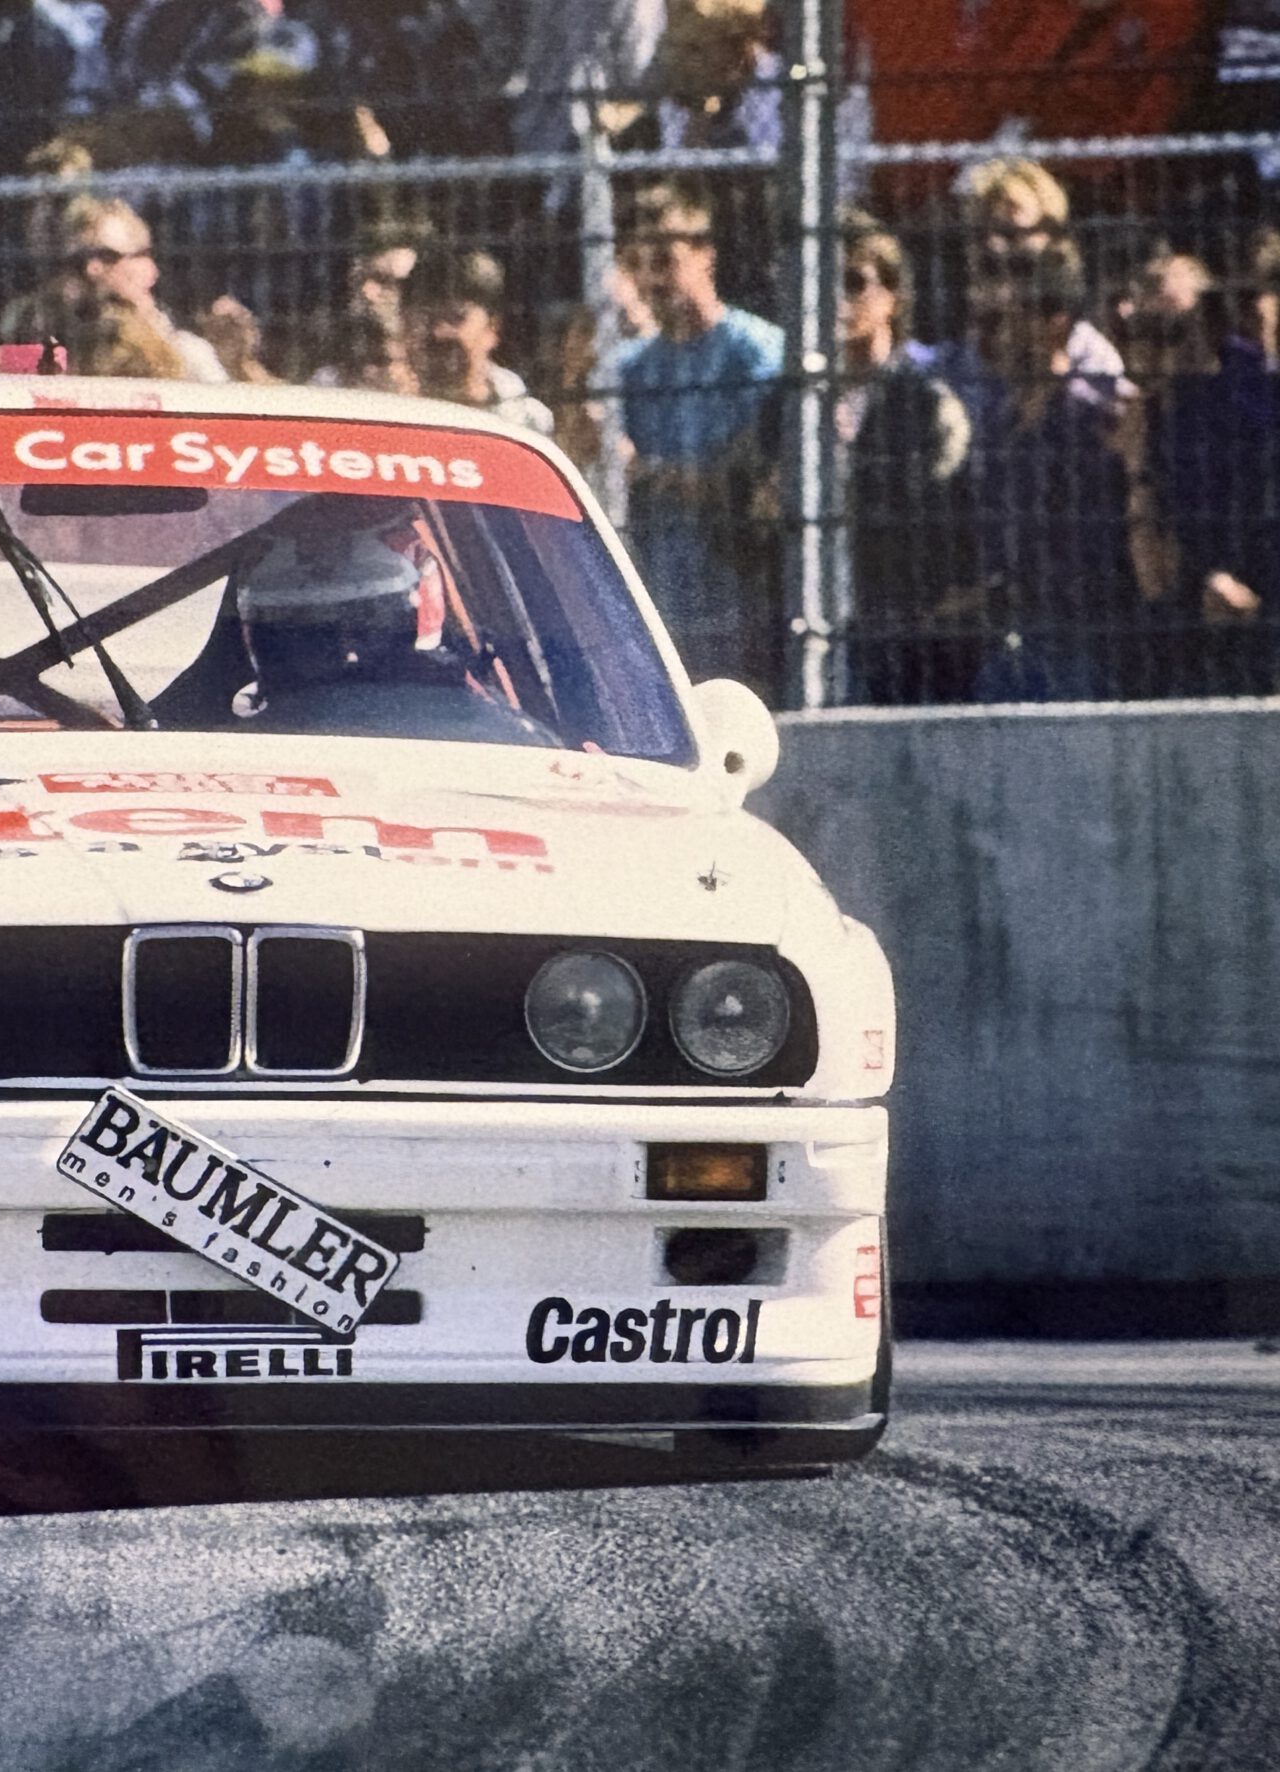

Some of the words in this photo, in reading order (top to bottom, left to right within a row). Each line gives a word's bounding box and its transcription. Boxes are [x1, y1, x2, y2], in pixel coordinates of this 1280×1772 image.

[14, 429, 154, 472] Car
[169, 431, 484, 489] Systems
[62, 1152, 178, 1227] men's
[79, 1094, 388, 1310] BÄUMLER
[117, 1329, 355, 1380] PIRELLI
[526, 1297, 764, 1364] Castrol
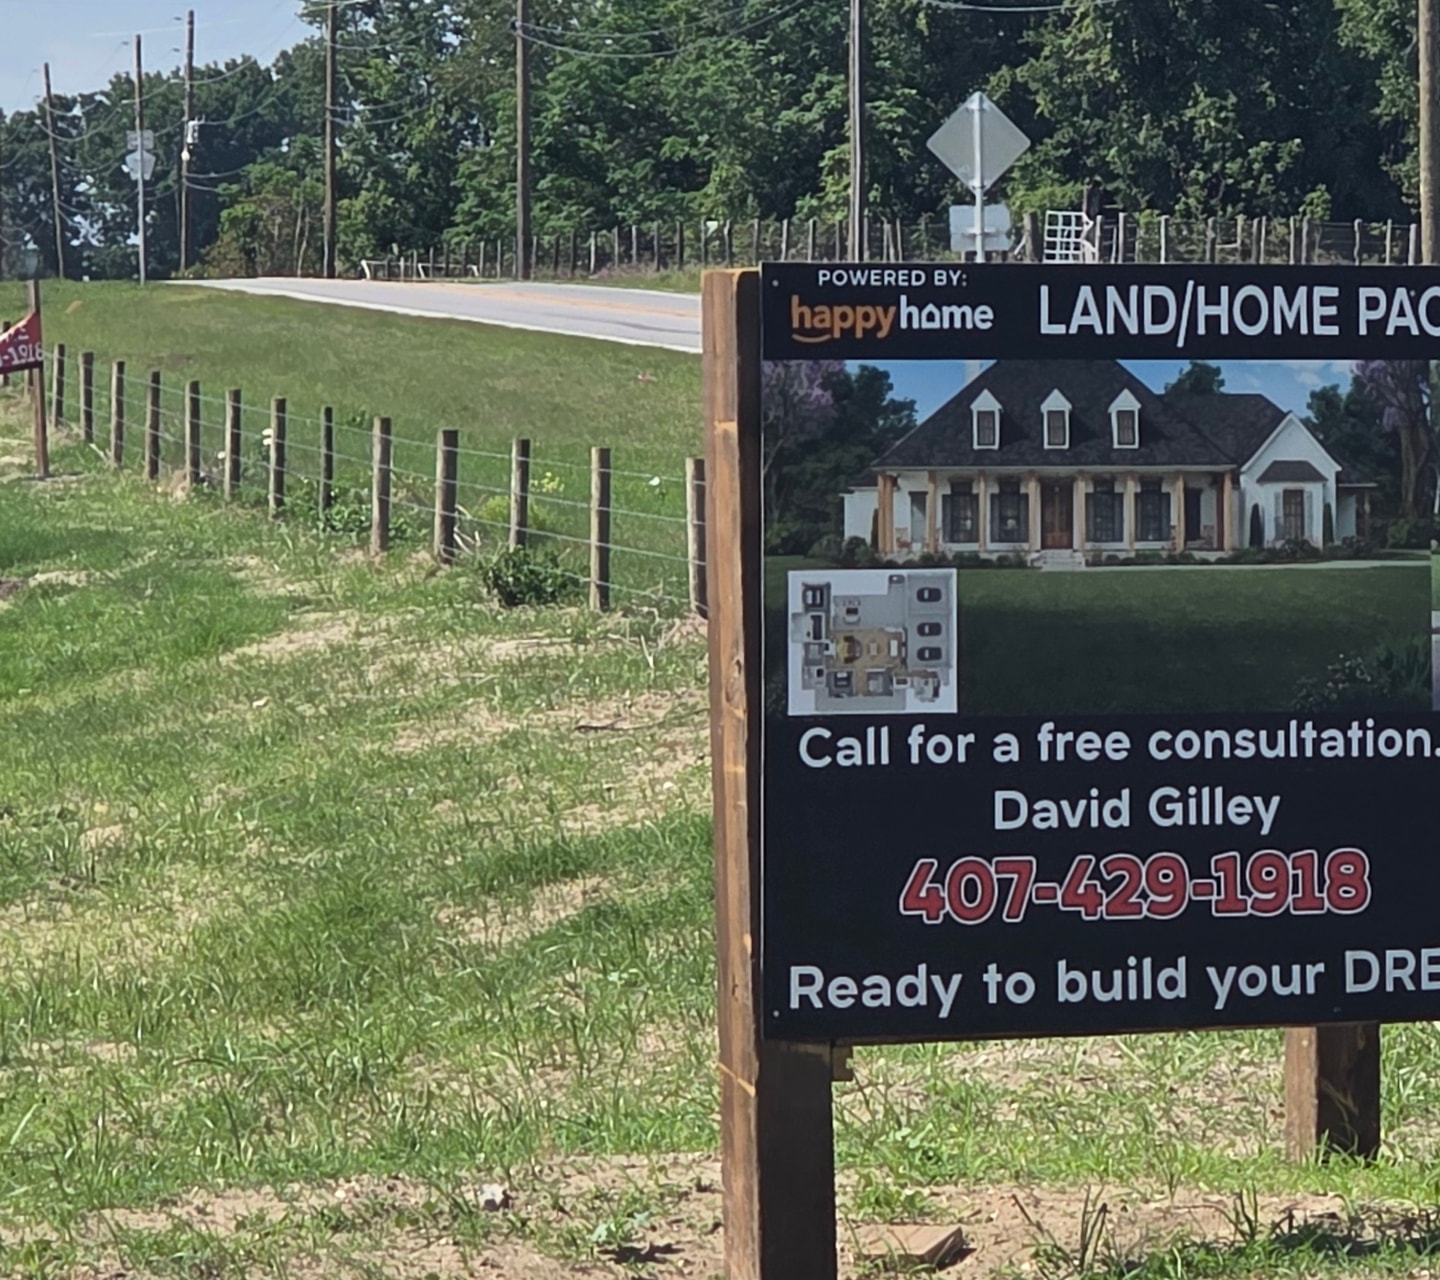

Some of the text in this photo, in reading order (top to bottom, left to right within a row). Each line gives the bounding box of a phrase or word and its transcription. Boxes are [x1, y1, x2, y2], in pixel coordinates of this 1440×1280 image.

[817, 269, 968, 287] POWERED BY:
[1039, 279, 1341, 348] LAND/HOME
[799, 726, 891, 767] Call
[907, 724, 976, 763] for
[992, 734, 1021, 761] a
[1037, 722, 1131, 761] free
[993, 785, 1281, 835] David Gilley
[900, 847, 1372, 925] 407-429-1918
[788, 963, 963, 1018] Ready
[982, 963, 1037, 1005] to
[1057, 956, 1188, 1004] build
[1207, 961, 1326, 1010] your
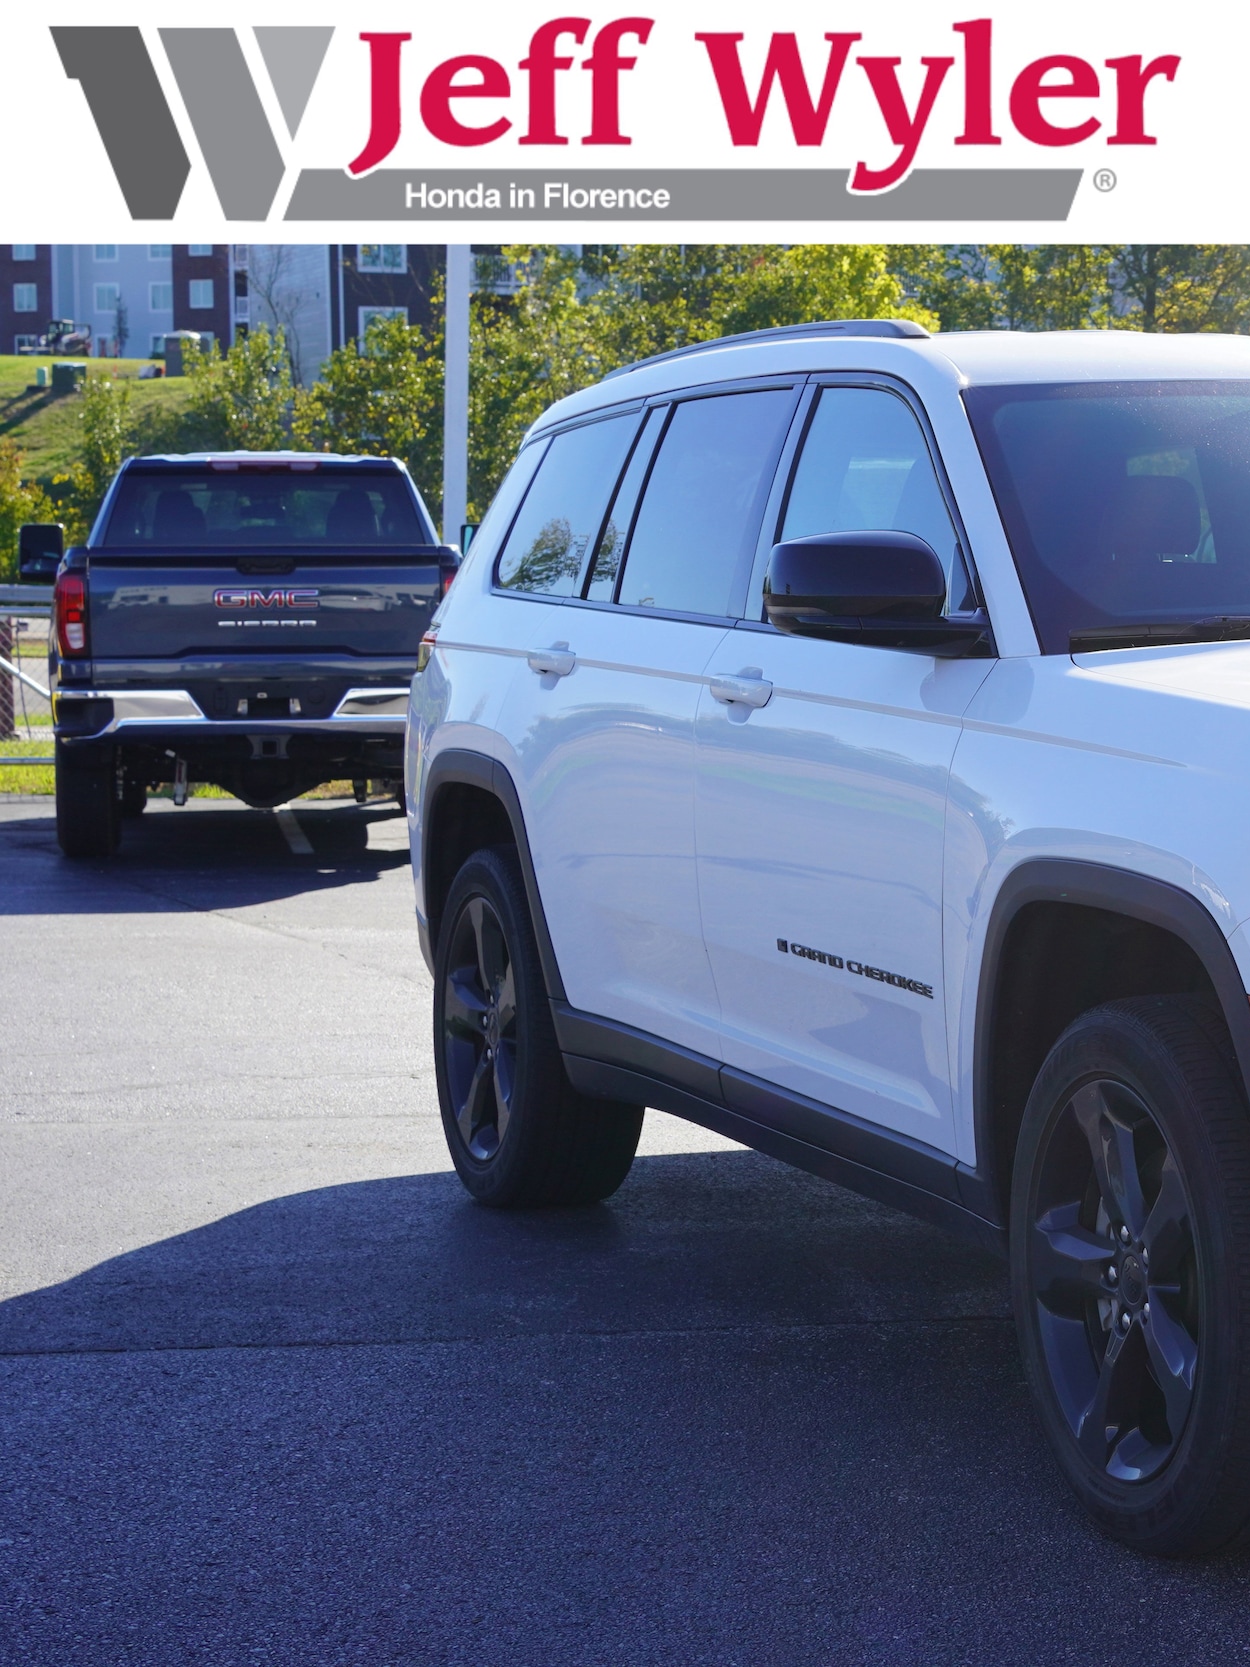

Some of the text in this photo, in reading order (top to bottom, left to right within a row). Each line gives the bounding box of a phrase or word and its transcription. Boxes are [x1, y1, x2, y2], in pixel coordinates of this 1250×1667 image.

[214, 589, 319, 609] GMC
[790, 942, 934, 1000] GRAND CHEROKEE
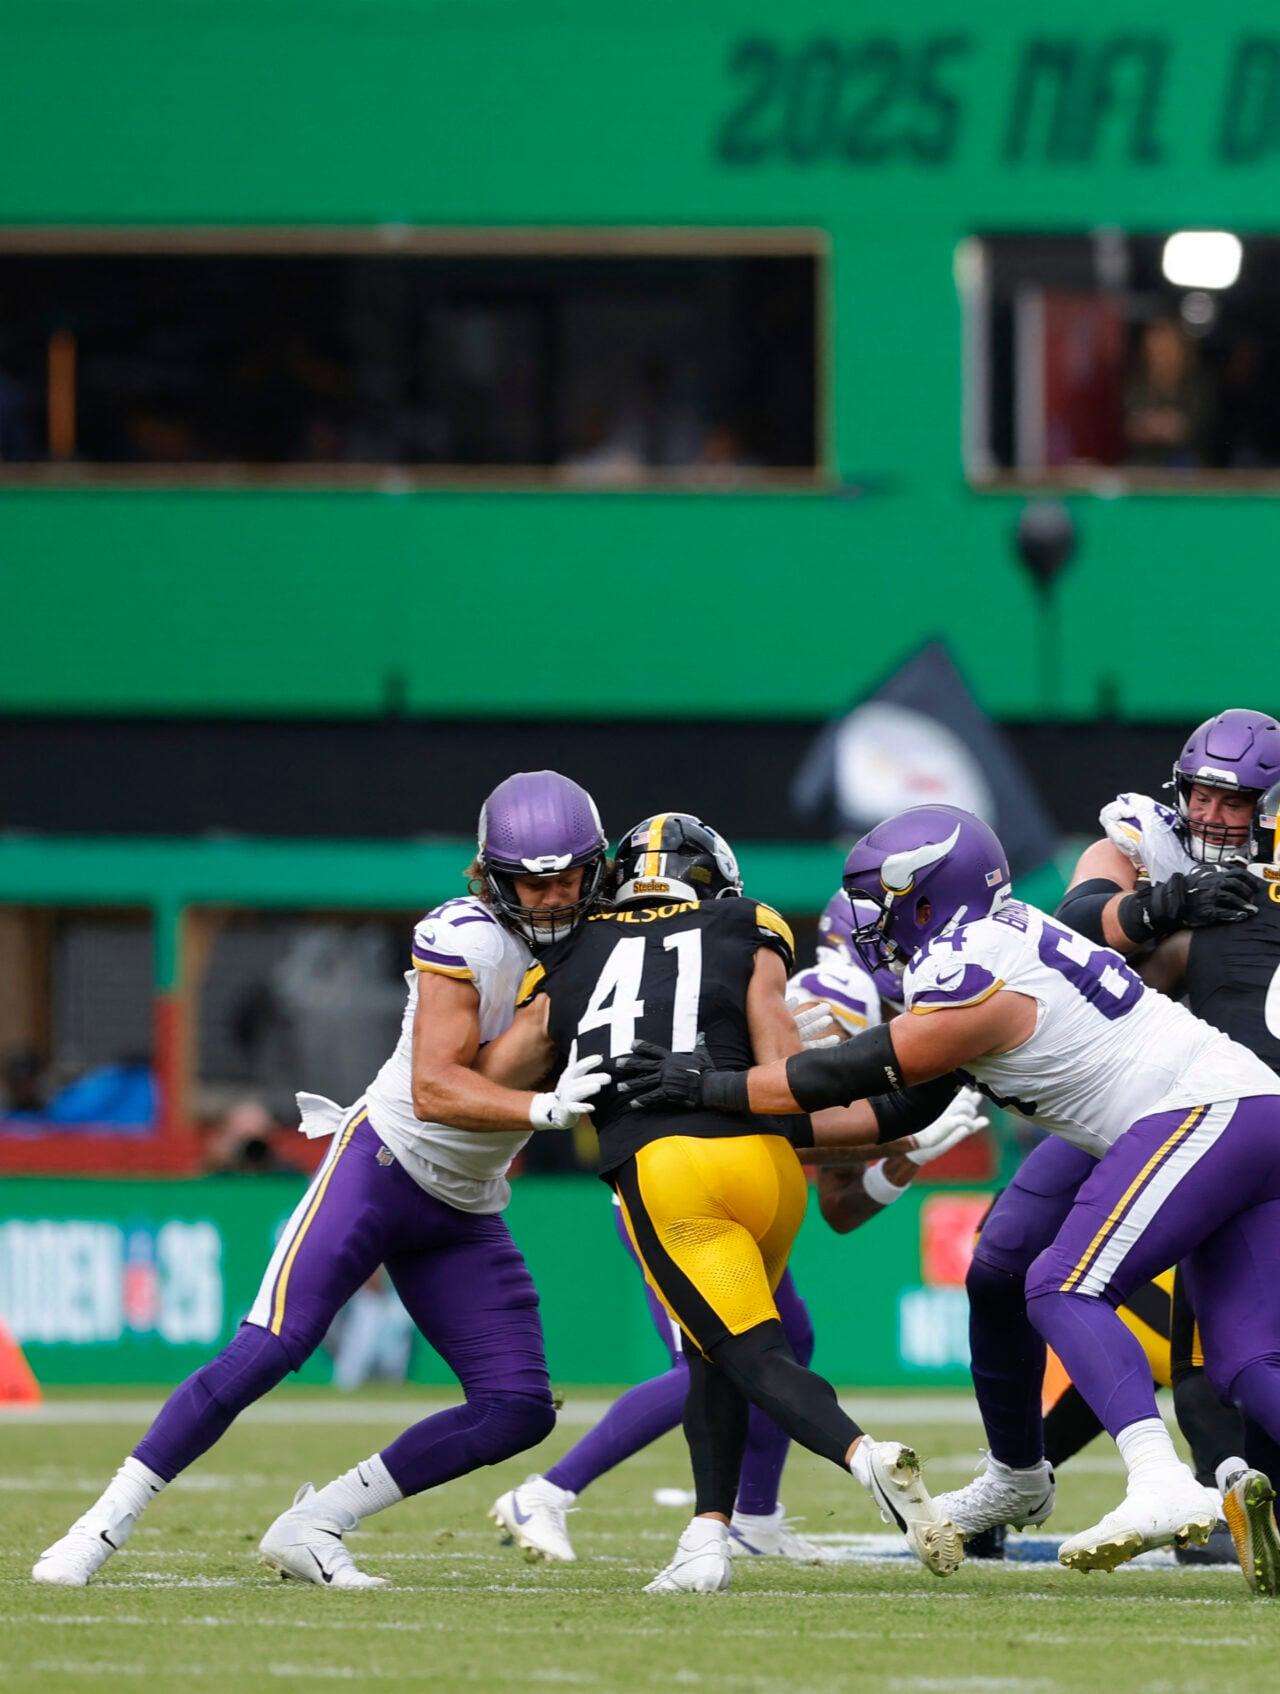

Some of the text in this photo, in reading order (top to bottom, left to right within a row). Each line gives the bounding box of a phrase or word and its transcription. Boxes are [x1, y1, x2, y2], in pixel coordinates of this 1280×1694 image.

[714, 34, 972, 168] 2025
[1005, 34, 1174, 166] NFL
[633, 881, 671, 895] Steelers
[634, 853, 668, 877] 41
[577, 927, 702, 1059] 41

• WORK REQUEST
Copy out all the data exactly; skip the pictures.

• REPLY TO THE EXERCISE
Some of the words in this photo, in reading order (top to bottom, left to right within a row). Each line gives a word's bounding box and its transcription. Boxes are [x1, y1, x2, y2], in pixel coordinates of this 1280×1772 image.

[14, 429, 154, 472] Car
[169, 431, 484, 489] Systems
[62, 1152, 178, 1227] men's
[79, 1094, 388, 1310] BÄUMLER
[117, 1329, 355, 1380] PIRELLI
[526, 1297, 764, 1364] Castrol

Some of the text in this photo, in reading order (top to bottom, left to right within a row). Each line gives the bounding box of a phrase or word and its transcription. Boxes are [x1, y1, x2, y2], in pixel coordinates of this 1440×1280 image.

[817, 269, 968, 287] POWERED BY:
[1039, 279, 1341, 348] LAND/HOME
[799, 726, 891, 767] Call
[907, 724, 976, 763] for
[992, 734, 1021, 761] a
[1037, 722, 1131, 761] free
[993, 785, 1281, 835] David Gilley
[900, 847, 1372, 925] 407-429-1918
[788, 963, 963, 1018] Ready
[982, 963, 1037, 1005] to
[1057, 956, 1188, 1004] build
[1207, 961, 1326, 1010] your

Some of the text in this photo, in reading order (top to bottom, left to right within a row). Each line gives the bounding box of a phrase or word and its transcription. Boxes are [x1, y1, x2, y2], in pixel coordinates of this 1250×1667 image.

[214, 589, 319, 609] GMC
[790, 942, 934, 1000] GRAND CHEROKEE

Some of the text in this photo, in reading order (top to bottom, left to right within a row). Each line gives the bounding box of a phrase or word and its transcription. Boxes are [x1, y1, x2, y2], in pixel coordinates of this 1280×1694 image.

[714, 34, 972, 168] 2025
[1005, 34, 1174, 166] NFL
[633, 881, 671, 895] Steelers
[634, 853, 668, 877] 41
[577, 927, 702, 1059] 41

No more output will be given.